Task objective: Make an exact copy of the entries below with the pictures removed.

Segment Start: Data for review

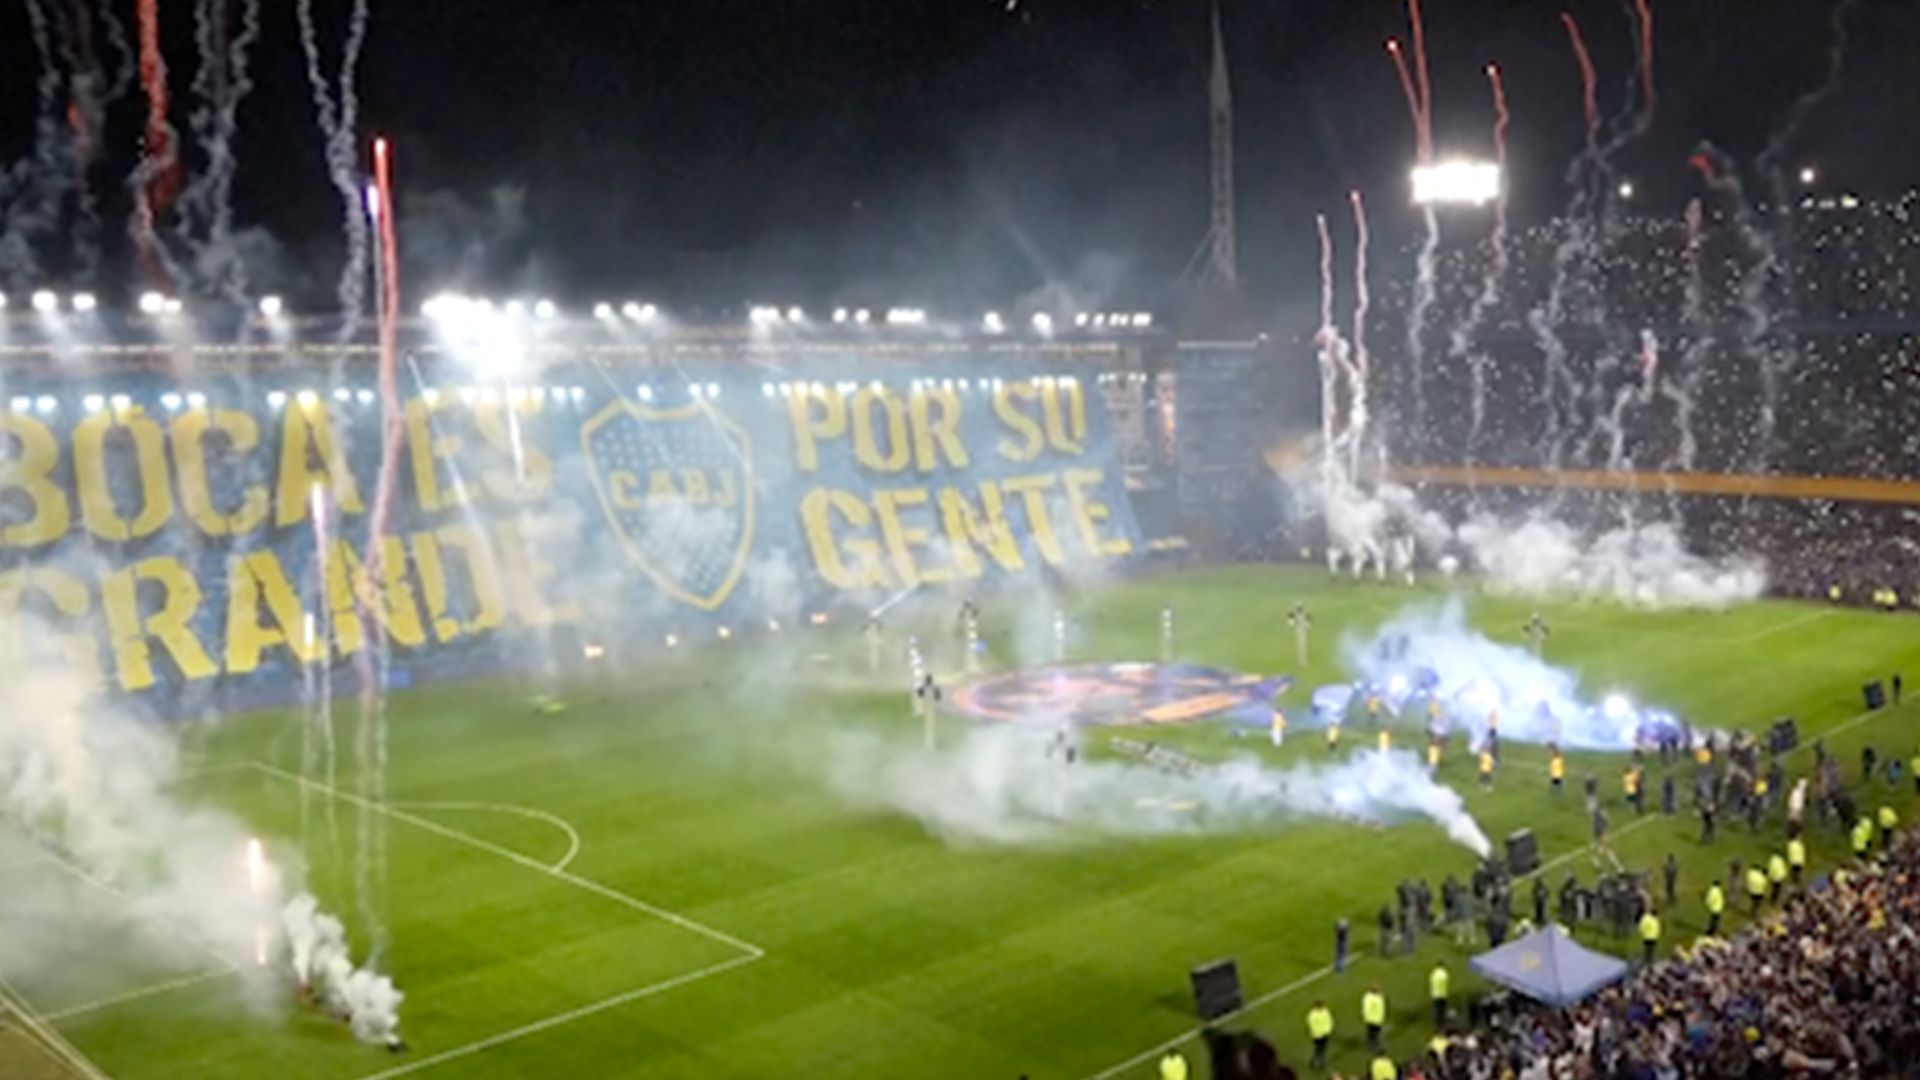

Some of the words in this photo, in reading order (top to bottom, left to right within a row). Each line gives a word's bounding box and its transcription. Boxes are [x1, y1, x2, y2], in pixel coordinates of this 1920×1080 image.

[0, 392, 364, 547] BOCA
[406, 388, 554, 512] ES
[789, 380, 970, 472] POR
[993, 377, 1086, 463] SU
[801, 467, 1132, 588] GENTE

Segment End: Data for review

Answer for this exercise:
Some of the words in this photo, in reading order (top to bottom, left to right within a row). Each line gives a word's bounding box and its transcription. Boxes are [x1, y1, x2, y2], in pixel coordinates of this 1920×1080 image.

[0, 392, 364, 547] BOCA
[406, 388, 554, 512] ES
[789, 380, 970, 472] POR
[993, 377, 1086, 463] SU
[801, 467, 1132, 588] GENTE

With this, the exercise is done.